For the main challenge, the contestants are tasked with creating and marketing products for the new drag queen lifestyle brand Droop. Following are the contestants and their products:

- Crystal Methyd – The Magic Mullet, a collection of mullets
- Gigi Goode – Goode Night Bitch, a fragrance and sleeping aid
- Heidi N Closet – Heidi's Hydrates Multipurpose Lotion, a hydrating lotion
- Jackie Cox – Jackie's Magic Carpet Merkins, a collection of merkins
- Jaida Essence Hall – Luxuratuck, diamond-encrusted panties
- Jan – Sure, Jan, a personal style spray
- Sherry Pie – Sherry Pie's Aura Pie, an expensive pie that improves one's aura
- Widow Von'Du – Throaté, a throat coating spray

On the main stage, RuPaul welcomes fellow judges as well as guest judge Chaka Khan.
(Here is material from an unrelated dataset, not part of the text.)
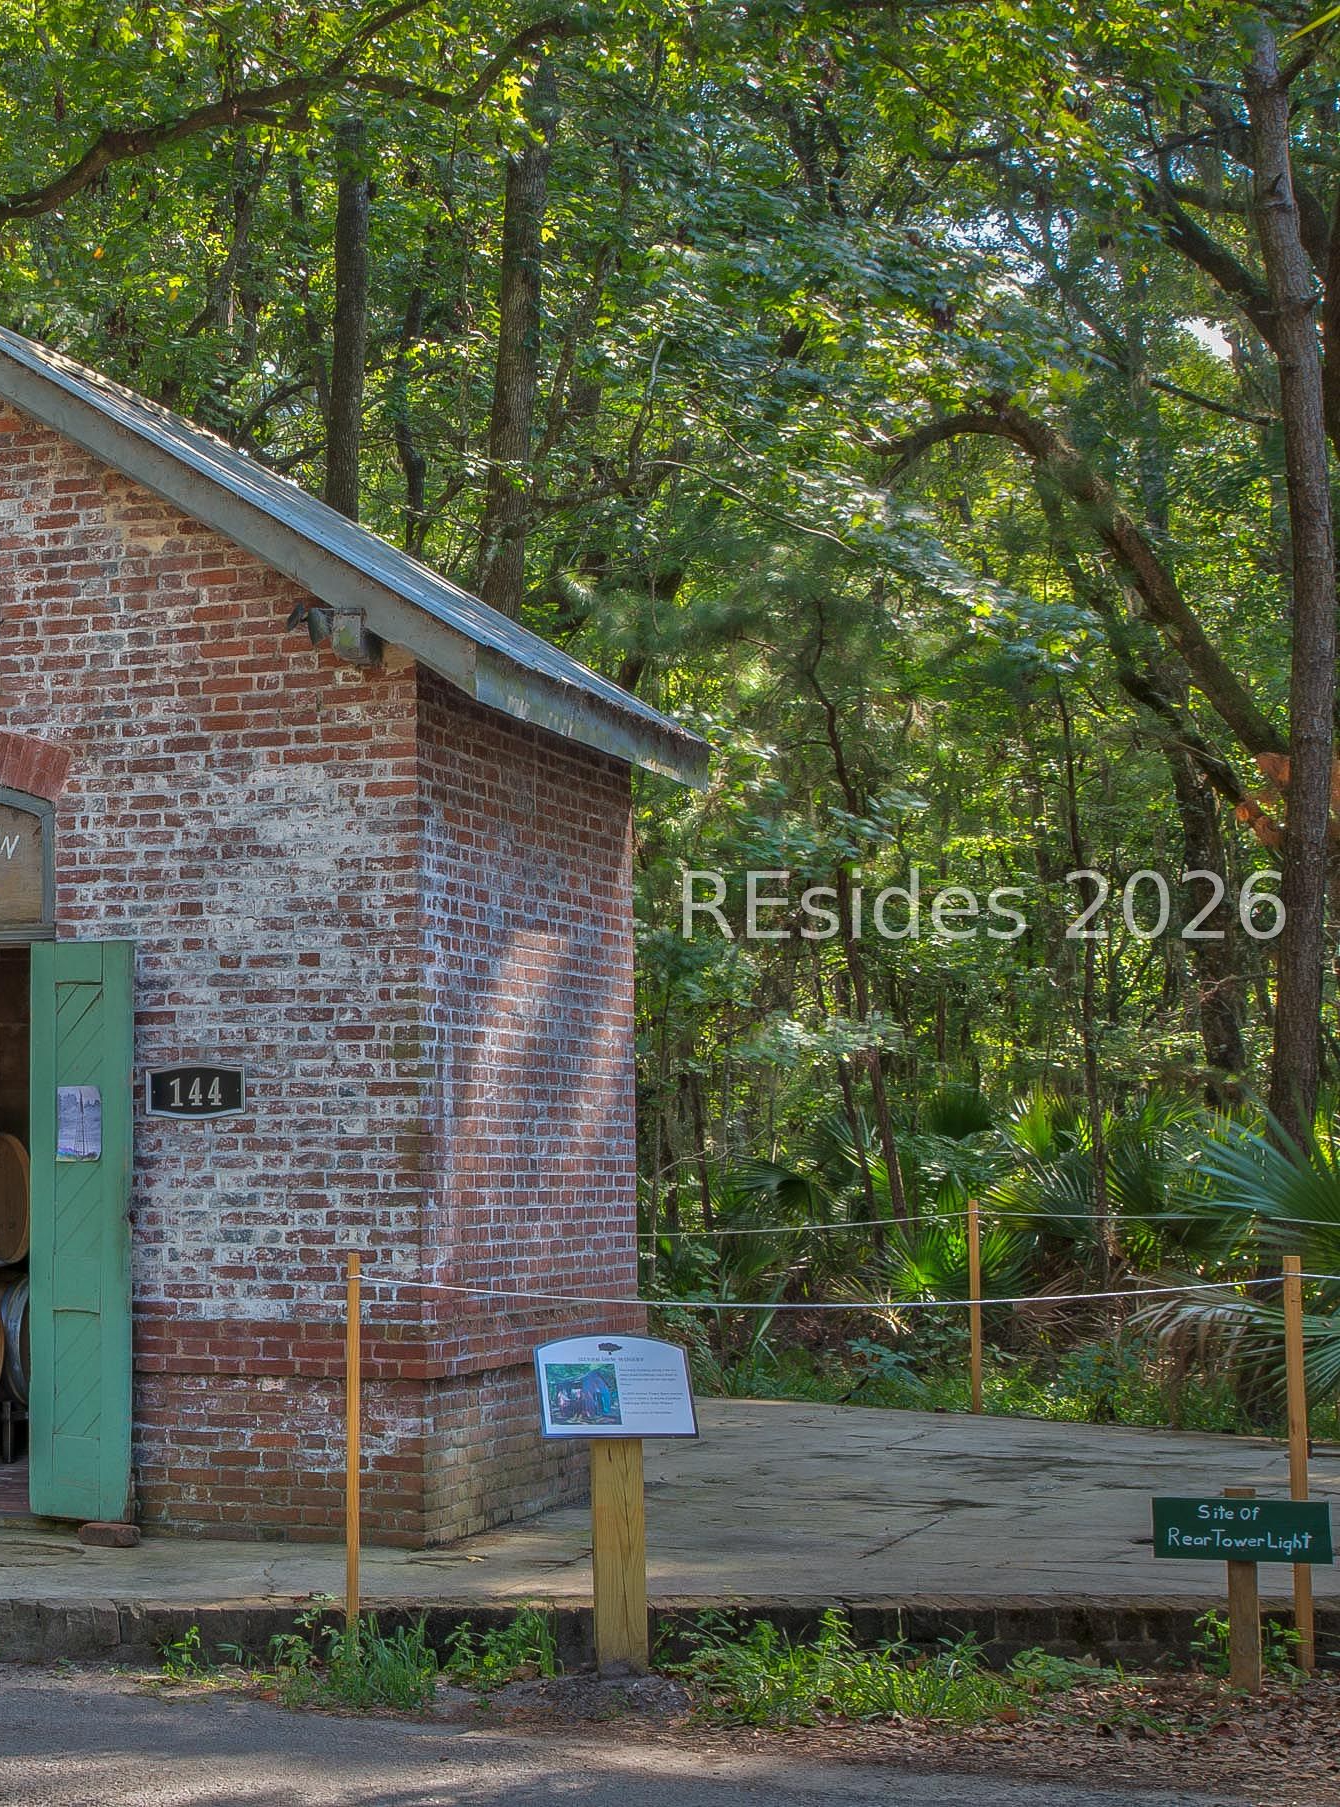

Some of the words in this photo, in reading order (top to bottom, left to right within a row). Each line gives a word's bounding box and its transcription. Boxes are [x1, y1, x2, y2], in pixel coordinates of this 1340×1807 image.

The runway category is Black Wedding. Crystal Methyd, Heidi N Closet, Jackie Cox, and Jaida Essence Hall receive positive critiques, and Heidi N Closet wins the challenge. Gigi Goode, Jan, Sherry Pie, and Widow Von'Du receive negative critiques, and Gigi Goode and Sherry Pie are deemed safe. Jan and Widow Von'Du place in the bottom and face off in a lip-sync contest to "This Is My Night" (1985) by Khan. Widow Von'Du wins the lip-sync and Jan is eliminated from the competition.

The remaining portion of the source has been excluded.